Text-to-region grounding data
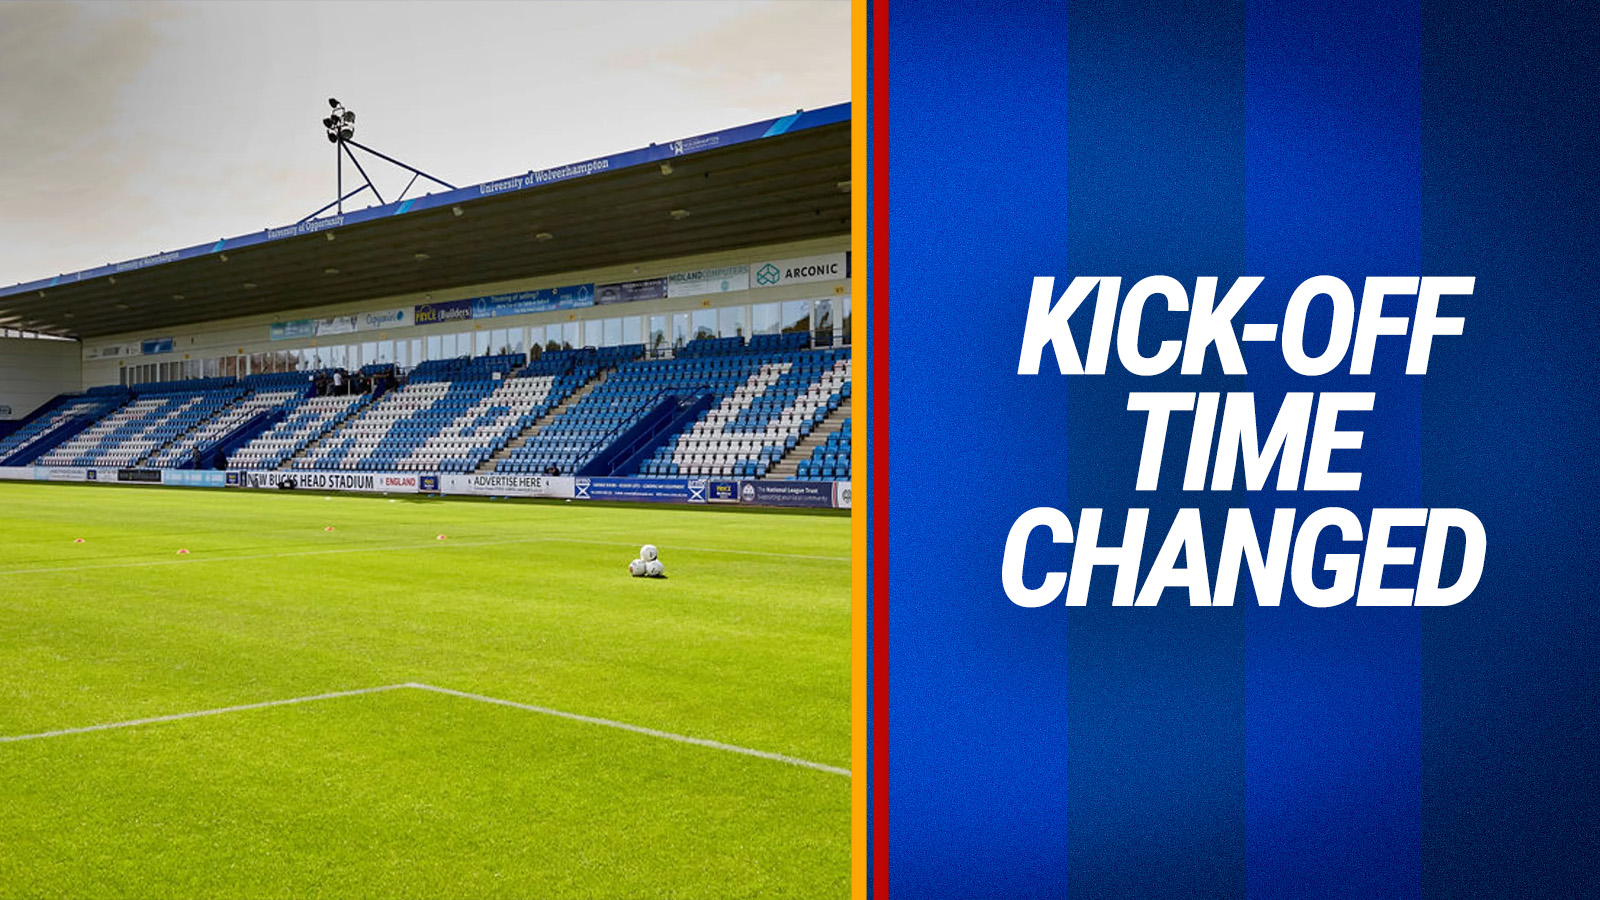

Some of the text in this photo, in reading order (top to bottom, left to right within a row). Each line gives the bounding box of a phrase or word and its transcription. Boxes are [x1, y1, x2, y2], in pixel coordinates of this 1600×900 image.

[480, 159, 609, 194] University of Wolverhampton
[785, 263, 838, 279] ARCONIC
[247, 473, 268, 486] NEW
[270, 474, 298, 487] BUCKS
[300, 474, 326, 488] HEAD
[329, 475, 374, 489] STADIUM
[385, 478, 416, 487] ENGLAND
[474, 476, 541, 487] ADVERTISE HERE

§ Brief: Please print all the lines above exactly as given and leave out every picture.

§ Answer area:
Some of the text in this photo, in reading order (top to bottom, left to right within a row). Each line gives the bounding box of a phrase or word and its transcription. Boxes are [x1, y1, x2, y2], in pixel coordinates of this 1600×900 image.

[480, 159, 609, 194] University of Wolverhampton
[785, 263, 838, 279] ARCONIC
[247, 473, 268, 486] NEW
[270, 474, 298, 487] BUCKS
[300, 474, 326, 488] HEAD
[329, 475, 374, 489] STADIUM
[385, 478, 416, 487] ENGLAND
[474, 476, 541, 487] ADVERTISE HERE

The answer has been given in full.